The new Indian law that will raise foreign ownership of Indian insurance firms from 26% to 49% is good news for non-Indian insurers and should prompt immediate action, according to KPMG.

In a statement, KPMG said that the foreign direct investment (FDI) increases could help boost growth, improve profitability and encourage development of international best practice.

KPMG International global head of insurance Gary Reader said: “Most foreign insurance players that already have a presence in India are keen to increase their presence, and the raising of the FDI limit to 49% presents a great opportunity.

“In addition, many global players have been awaiting clarity on the foreign ownership issue, and now should move forward in finalizing their plans for India.”

India’s annual insurance industry growth has been more than 18% for the past three years, KPMG added.

Reader described the FDI cap increase as a “watershed moment for the insurance industry in India as well as an important boost for the global market”.

He added: “We believe the law has the potential to reignite growth in the industry, after what has been a challenging period. When combined with the size of the market, the opportunity for insurers becomes clear.”

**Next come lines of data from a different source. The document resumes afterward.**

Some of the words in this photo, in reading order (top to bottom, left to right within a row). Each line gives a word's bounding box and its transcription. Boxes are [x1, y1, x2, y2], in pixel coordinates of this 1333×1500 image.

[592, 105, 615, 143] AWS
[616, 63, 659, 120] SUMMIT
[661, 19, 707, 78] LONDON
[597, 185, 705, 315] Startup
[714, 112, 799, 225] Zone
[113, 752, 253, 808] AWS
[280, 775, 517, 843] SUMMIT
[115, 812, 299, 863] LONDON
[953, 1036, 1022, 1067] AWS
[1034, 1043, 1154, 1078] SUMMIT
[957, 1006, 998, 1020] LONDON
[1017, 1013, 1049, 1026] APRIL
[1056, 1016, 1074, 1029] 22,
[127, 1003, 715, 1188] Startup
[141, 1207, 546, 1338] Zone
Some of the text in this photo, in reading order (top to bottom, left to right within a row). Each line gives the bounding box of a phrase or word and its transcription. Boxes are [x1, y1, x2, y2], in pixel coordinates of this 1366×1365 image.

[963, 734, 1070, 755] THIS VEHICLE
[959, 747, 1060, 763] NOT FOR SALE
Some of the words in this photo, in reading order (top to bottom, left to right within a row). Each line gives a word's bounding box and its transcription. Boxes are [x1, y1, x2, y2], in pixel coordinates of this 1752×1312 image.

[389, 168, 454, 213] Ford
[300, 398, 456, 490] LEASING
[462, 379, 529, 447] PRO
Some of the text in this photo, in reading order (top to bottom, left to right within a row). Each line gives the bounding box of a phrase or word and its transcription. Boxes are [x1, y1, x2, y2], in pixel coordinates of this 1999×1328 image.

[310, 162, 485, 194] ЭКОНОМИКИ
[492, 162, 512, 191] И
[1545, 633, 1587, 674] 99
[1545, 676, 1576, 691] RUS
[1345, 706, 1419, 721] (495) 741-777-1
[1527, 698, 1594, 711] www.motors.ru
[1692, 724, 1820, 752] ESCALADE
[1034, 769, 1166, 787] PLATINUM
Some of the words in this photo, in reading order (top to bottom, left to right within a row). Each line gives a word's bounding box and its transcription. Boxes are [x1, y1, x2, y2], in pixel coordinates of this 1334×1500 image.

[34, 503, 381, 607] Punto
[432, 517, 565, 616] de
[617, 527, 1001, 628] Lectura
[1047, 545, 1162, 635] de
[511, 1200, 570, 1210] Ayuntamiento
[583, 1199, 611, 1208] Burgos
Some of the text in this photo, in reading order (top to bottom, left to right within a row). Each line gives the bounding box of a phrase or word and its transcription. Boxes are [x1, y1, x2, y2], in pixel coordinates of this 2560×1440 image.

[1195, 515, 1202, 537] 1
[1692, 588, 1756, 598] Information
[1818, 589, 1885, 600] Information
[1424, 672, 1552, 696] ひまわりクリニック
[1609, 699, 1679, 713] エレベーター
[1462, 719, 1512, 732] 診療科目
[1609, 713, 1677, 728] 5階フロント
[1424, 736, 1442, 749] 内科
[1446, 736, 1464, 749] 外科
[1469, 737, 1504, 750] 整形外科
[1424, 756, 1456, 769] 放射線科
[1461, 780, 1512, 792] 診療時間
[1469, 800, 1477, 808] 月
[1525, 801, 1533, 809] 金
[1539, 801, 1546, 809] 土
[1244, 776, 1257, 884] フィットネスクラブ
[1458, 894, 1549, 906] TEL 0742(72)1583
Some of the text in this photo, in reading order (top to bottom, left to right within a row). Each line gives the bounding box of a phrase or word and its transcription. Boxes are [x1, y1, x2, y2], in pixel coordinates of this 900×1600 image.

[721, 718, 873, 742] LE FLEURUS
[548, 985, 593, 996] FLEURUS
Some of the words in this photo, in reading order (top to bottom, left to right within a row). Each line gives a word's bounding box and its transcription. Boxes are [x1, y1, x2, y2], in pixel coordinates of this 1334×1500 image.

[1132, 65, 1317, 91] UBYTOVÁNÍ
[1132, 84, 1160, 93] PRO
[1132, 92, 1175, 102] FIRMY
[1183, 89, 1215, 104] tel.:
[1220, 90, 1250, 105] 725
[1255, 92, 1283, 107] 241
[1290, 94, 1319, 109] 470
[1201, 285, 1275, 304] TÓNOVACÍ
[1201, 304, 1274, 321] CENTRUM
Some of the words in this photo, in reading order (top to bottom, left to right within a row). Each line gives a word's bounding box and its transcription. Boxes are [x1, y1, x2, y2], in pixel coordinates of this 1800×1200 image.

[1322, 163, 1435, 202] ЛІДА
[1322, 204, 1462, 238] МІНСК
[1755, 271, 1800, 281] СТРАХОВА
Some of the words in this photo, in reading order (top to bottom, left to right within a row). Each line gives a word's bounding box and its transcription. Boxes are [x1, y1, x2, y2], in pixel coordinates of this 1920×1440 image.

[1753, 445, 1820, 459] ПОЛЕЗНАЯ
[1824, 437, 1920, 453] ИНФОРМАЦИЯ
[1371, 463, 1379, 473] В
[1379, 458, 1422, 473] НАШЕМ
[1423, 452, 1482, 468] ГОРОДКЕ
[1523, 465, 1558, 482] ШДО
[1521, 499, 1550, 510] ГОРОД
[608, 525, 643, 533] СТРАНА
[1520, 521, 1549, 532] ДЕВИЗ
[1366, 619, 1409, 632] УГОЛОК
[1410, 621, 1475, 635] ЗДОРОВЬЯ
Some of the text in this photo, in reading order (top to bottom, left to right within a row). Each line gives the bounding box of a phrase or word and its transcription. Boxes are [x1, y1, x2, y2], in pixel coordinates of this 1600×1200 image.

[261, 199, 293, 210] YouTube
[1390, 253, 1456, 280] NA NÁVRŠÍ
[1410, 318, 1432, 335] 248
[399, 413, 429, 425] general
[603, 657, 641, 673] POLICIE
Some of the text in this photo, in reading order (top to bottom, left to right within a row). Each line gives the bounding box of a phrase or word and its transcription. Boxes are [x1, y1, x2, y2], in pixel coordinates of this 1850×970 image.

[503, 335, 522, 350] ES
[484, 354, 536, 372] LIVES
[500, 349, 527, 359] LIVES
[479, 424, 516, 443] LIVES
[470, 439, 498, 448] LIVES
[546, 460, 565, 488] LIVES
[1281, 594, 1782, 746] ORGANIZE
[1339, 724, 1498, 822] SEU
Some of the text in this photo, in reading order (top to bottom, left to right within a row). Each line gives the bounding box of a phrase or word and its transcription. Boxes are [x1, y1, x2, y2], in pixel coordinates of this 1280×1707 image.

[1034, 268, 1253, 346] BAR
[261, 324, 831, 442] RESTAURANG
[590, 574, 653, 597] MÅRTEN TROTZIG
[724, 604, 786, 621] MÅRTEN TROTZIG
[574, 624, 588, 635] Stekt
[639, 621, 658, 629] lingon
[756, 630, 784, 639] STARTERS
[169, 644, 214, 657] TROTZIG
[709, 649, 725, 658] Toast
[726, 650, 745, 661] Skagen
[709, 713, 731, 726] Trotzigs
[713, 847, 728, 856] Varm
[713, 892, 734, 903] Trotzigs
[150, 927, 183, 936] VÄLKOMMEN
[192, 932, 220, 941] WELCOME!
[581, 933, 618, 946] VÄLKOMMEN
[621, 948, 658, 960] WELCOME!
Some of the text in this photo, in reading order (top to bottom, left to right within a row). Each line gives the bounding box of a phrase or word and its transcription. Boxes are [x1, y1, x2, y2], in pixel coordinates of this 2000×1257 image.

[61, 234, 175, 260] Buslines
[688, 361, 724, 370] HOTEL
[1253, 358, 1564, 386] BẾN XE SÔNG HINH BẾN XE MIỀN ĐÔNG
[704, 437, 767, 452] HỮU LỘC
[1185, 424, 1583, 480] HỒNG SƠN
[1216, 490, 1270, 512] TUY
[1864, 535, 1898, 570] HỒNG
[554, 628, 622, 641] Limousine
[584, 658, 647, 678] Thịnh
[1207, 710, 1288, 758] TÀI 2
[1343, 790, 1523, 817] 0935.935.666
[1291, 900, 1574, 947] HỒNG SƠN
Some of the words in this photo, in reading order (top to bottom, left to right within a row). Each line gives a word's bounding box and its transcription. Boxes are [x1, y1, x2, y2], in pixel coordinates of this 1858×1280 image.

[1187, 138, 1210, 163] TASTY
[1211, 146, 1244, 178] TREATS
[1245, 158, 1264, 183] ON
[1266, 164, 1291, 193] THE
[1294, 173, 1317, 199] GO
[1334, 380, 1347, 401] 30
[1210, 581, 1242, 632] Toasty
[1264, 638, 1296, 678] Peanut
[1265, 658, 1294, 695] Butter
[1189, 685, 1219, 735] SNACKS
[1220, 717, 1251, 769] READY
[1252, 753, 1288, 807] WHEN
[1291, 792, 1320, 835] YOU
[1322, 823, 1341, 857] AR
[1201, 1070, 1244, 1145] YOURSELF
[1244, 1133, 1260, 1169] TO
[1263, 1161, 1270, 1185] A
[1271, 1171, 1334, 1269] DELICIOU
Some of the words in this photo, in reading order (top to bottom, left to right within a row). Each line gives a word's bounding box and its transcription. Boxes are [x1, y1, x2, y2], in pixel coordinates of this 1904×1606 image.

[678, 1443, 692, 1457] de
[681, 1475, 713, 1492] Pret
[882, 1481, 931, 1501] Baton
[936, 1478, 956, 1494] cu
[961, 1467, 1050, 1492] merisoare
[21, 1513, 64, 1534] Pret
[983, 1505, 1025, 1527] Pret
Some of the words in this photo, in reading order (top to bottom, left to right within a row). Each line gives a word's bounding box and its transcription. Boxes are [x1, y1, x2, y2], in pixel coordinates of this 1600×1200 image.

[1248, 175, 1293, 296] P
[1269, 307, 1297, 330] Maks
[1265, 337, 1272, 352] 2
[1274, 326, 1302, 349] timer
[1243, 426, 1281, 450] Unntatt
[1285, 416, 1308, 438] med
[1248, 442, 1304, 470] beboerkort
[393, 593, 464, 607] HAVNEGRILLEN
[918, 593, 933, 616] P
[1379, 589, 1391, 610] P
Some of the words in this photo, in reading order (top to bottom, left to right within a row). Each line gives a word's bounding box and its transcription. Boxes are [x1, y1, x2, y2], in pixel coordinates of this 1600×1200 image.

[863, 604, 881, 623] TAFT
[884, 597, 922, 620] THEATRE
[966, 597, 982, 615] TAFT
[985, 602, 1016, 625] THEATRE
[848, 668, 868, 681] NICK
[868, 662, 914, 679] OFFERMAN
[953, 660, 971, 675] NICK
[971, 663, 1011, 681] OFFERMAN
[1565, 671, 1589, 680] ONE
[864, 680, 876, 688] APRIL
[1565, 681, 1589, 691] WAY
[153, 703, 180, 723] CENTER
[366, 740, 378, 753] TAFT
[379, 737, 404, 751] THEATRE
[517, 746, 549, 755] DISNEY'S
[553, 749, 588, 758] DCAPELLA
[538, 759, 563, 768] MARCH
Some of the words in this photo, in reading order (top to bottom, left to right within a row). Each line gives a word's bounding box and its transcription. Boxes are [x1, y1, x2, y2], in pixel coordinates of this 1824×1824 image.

KPMG India head Shashwat Sharma said: “Insurance market dynamics are strong in India, supported by favourable demographics, while the density and penetration of insurance is among the lowest in the world.

“The long-term outlook for the sector is bright and it is now poised to become an even greater global market.”

However, KPMG warned it was vital that foreign companies interested in expanding their stake in an Indian insurer or in entering the country for the first time should adapt the correct approach.

KPMG International global insurance transactions and restructuring lead Sam Evans said: “Market entrants and those expanding must answer a number of questions, including how to manage risk associated with a larger ownership stake, ensuring the right operational structure and strategy for the joint venture and that future growth will be adequately funded.”